_Text-to-region grounding data_.
#####

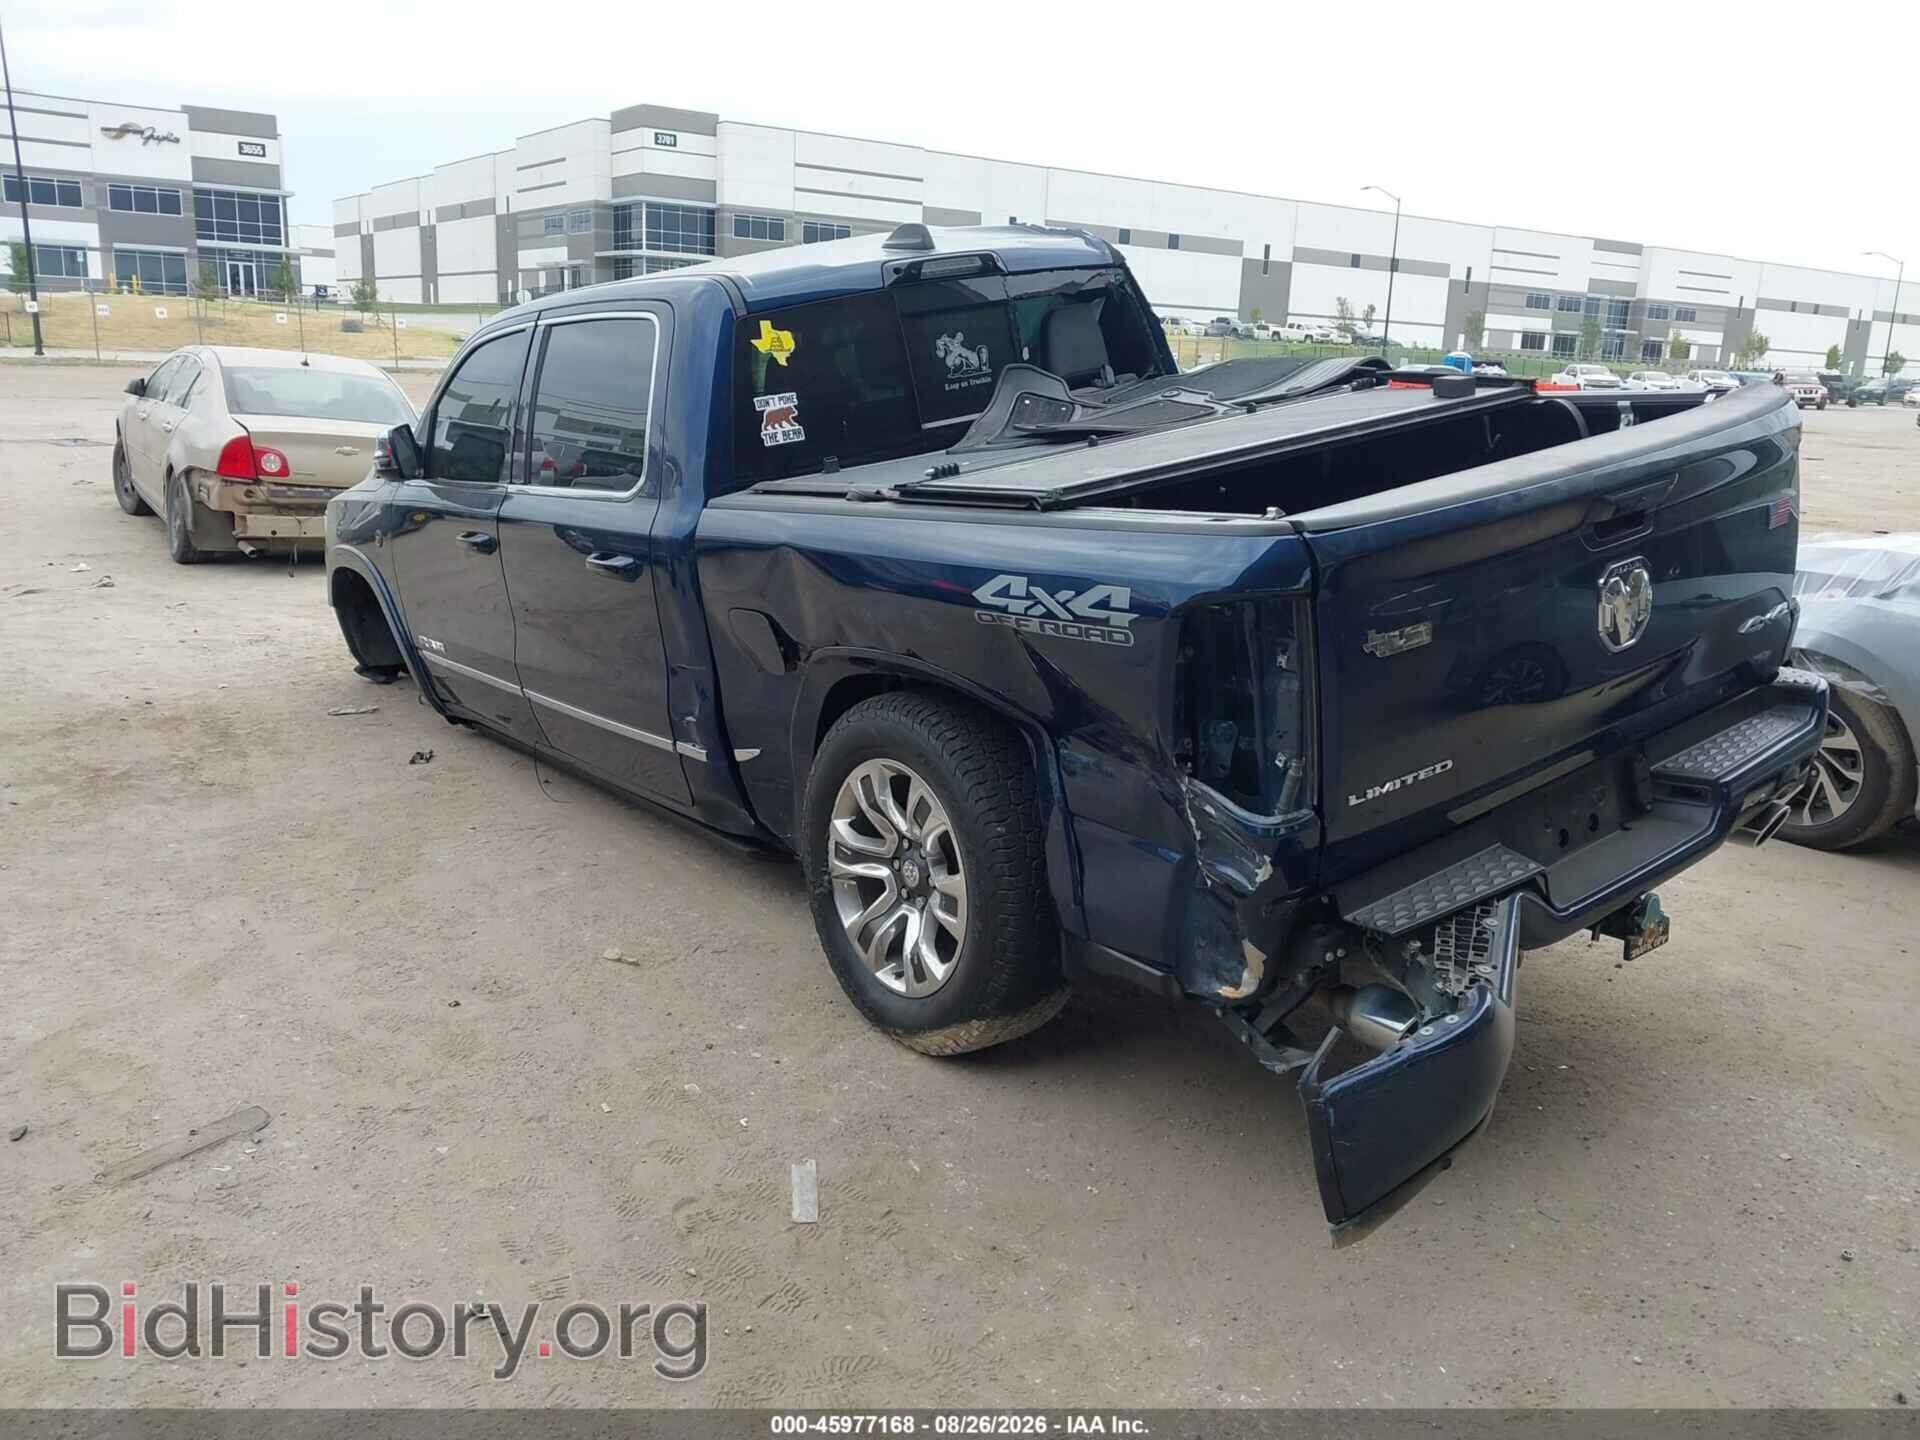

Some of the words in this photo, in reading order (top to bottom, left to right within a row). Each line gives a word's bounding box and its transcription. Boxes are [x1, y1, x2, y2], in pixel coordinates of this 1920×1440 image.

[762, 431, 780, 445] THE
[781, 427, 804, 441] BEAR
[975, 611, 1035, 632] OFF
[1038, 620, 1133, 646] ROAD
[1348, 760, 1453, 806] LIMITED
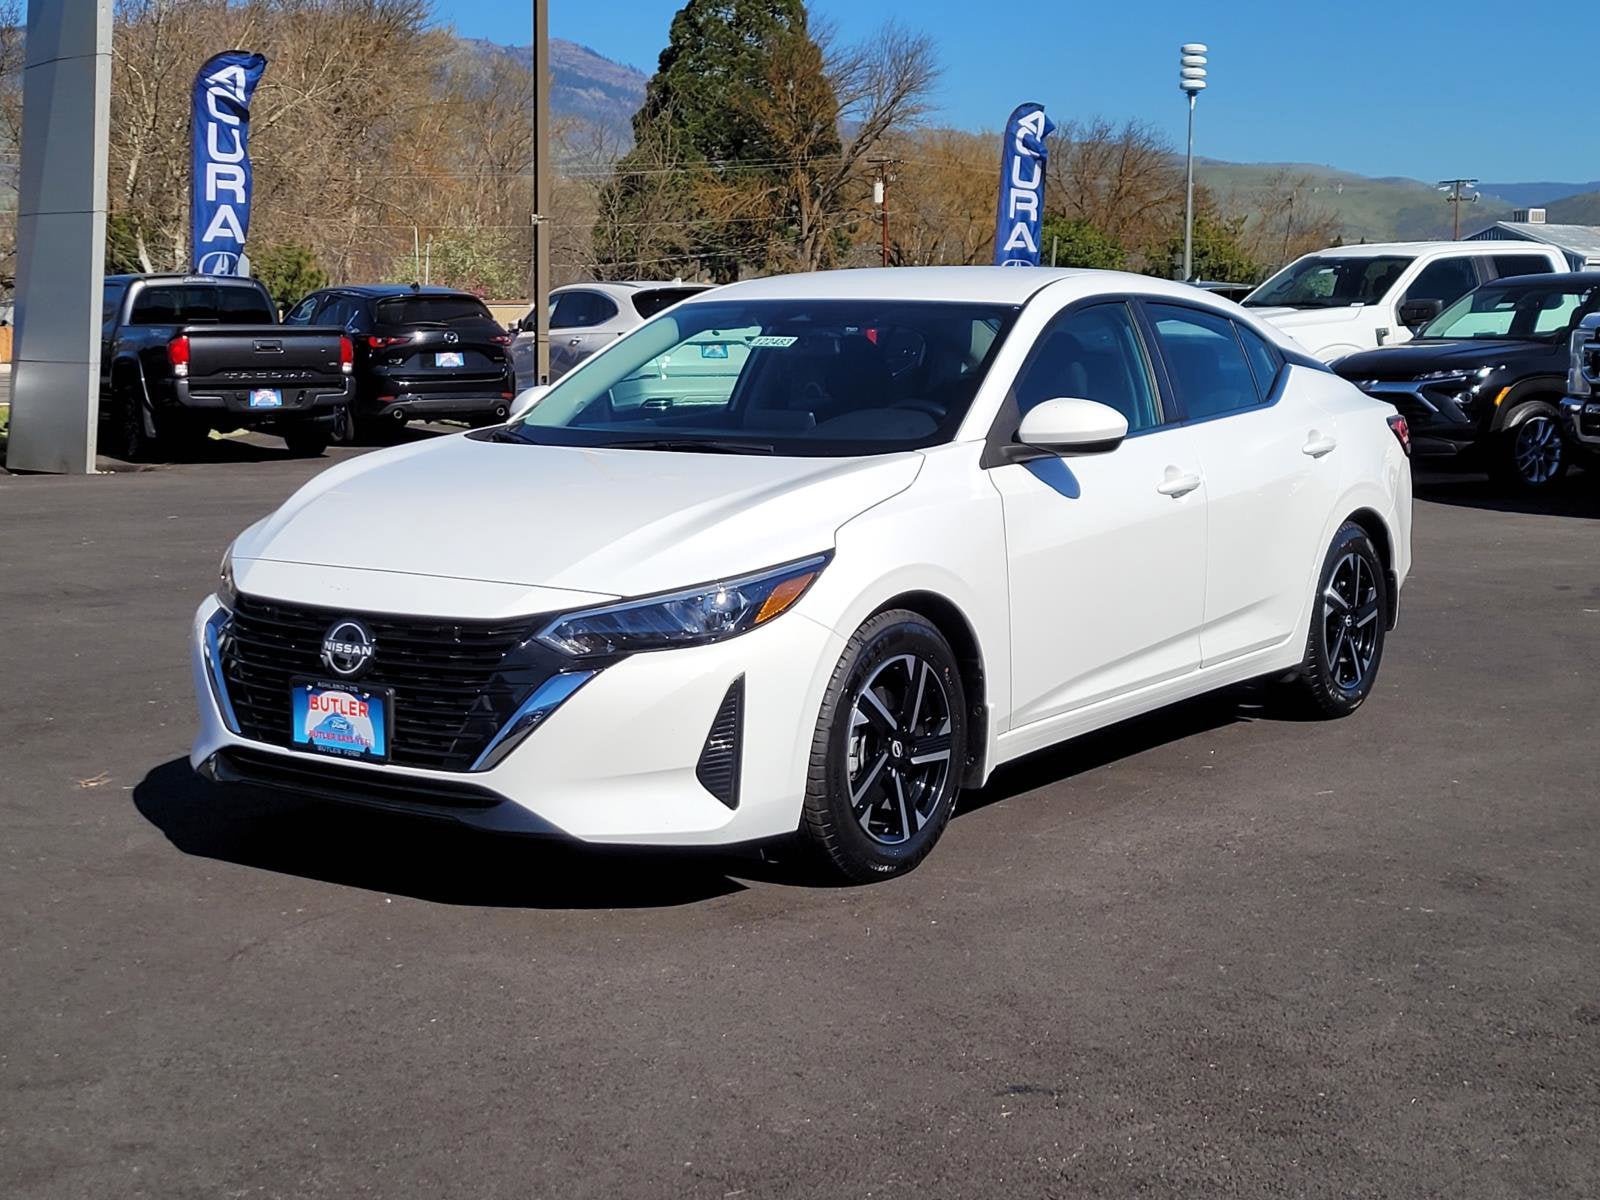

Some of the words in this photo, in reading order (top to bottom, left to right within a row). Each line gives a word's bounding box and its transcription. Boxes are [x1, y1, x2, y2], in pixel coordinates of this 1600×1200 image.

[202, 65, 246, 243] ACURA
[1003, 110, 1045, 253] ACURA
[323, 641, 372, 656] NISSAN
[309, 695, 368, 717] BUTLER
[318, 745, 342, 754] BUTLER
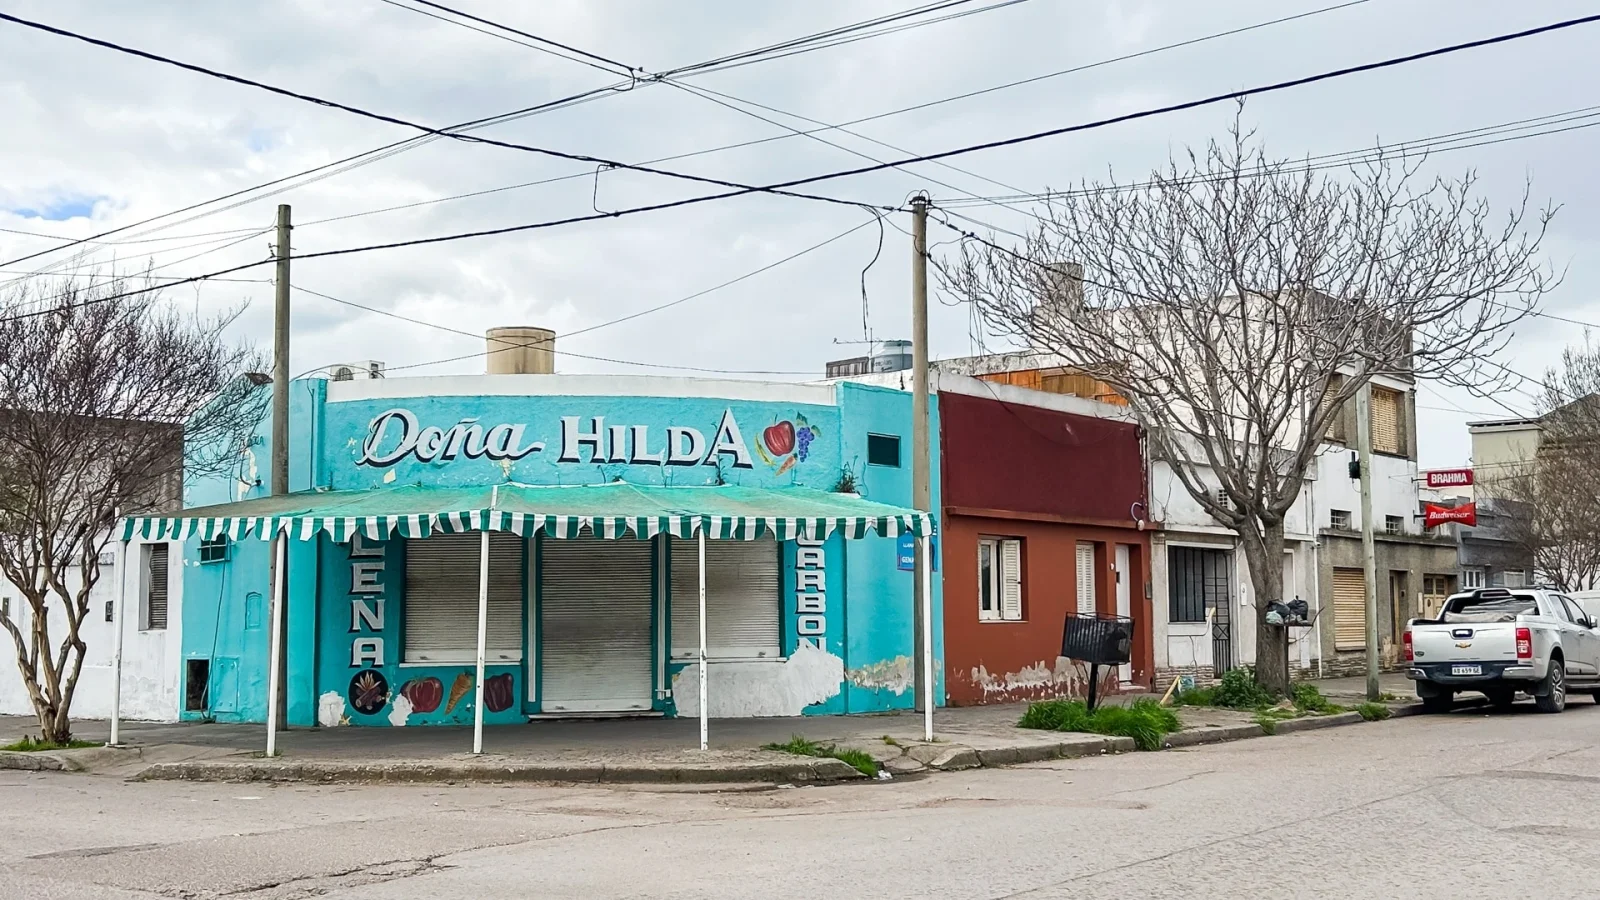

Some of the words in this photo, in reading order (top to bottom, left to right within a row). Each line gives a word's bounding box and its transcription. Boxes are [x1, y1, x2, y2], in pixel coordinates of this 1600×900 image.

[355, 408, 546, 467] Doña
[557, 407, 753, 469] HILDA
[1430, 472, 1468, 484] BRAHMA
[1429, 511, 1470, 519] Budweiser

#####

The range runs from the line with "this 1600×900 image." to the last line of the entries above, both included. Restate it word for word.

Some of the words in this photo, in reading order (top to bottom, left to right within a row). Each line gives a word's bounding box and its transcription. Boxes are [x1, y1, x2, y2], in pixel coordinates of this 1600×900 image.

[355, 408, 546, 467] Doña
[557, 407, 753, 469] HILDA
[1430, 472, 1468, 484] BRAHMA
[1429, 511, 1470, 519] Budweiser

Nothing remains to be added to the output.